What the task asks: Without the pictures, retype each line below exactly as it stands.

Excerpted records:

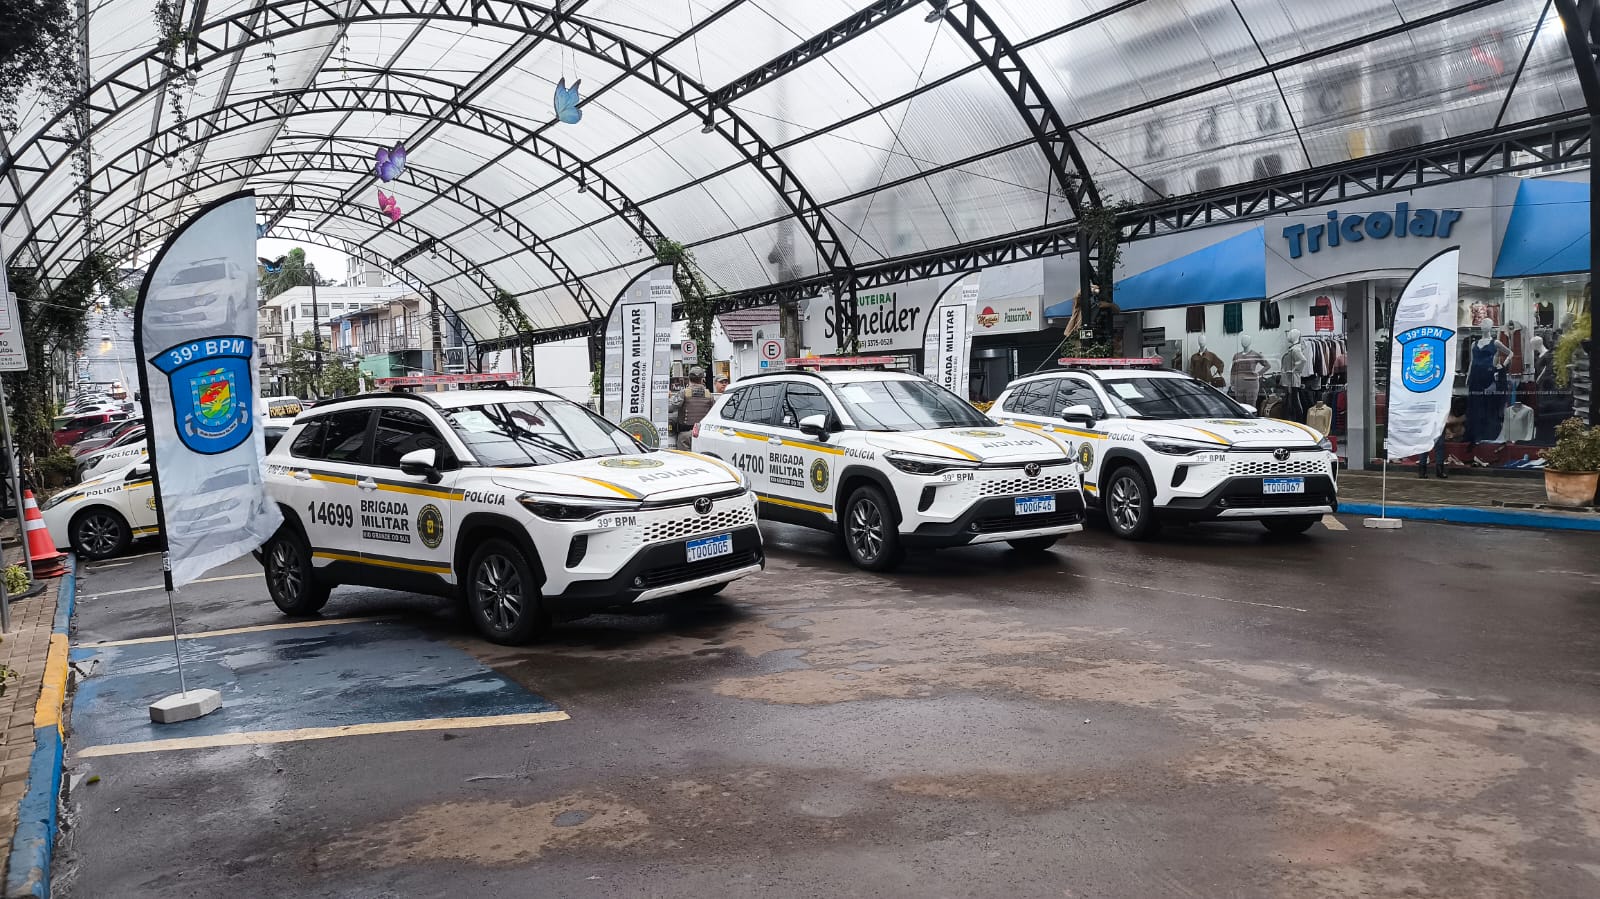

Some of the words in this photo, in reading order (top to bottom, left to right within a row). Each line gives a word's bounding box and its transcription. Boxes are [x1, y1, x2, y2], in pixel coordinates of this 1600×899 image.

[1283, 201, 1463, 259] Tricolar
[849, 292, 892, 307] UTEIRA
[824, 291, 921, 339] Sneider
[631, 308, 641, 357] MILITAR
[945, 309, 955, 353] MILITAR
[1421, 327, 1443, 338] BPM
[205, 340, 245, 356] BPM
[686, 344, 692, 352] E
[768, 344, 776, 356] E
[630, 361, 641, 414] BRIGADA
[769, 452, 804, 467] BRIGADA
[844, 447, 875, 461] POLÍCIA
[1209, 454, 1226, 462] BPM
[731, 452, 764, 475] 14700
[769, 464, 804, 479] MILITAR
[956, 473, 974, 481] BPM
[464, 490, 506, 506] POLÍCIA
[307, 500, 354, 529] 14699
[360, 499, 409, 516] BRIGADA
[361, 514, 410, 532] MILITAR
[615, 516, 637, 527] BPM

Written response:
Some of the words in this photo, in reading order (top to bottom, left to right within a row). Each line gives a word's bounding box and its transcription. Boxes are [x1, y1, x2, y2], in pixel coordinates of this 1600×899 image.

[1283, 201, 1463, 259] Tricolar
[849, 292, 892, 307] UTEIRA
[824, 291, 921, 339] Sneider
[631, 308, 641, 357] MILITAR
[945, 309, 955, 353] MILITAR
[1421, 327, 1443, 338] BPM
[205, 340, 245, 356] BPM
[686, 344, 692, 352] E
[768, 344, 776, 356] E
[630, 361, 641, 414] BRIGADA
[769, 452, 804, 467] BRIGADA
[844, 447, 875, 461] POLÍCIA
[1209, 454, 1226, 462] BPM
[731, 452, 764, 475] 14700
[769, 464, 804, 479] MILITAR
[956, 473, 974, 481] BPM
[464, 490, 506, 506] POLÍCIA
[307, 500, 354, 529] 14699
[360, 499, 409, 516] BRIGADA
[361, 514, 410, 532] MILITAR
[615, 516, 637, 527] BPM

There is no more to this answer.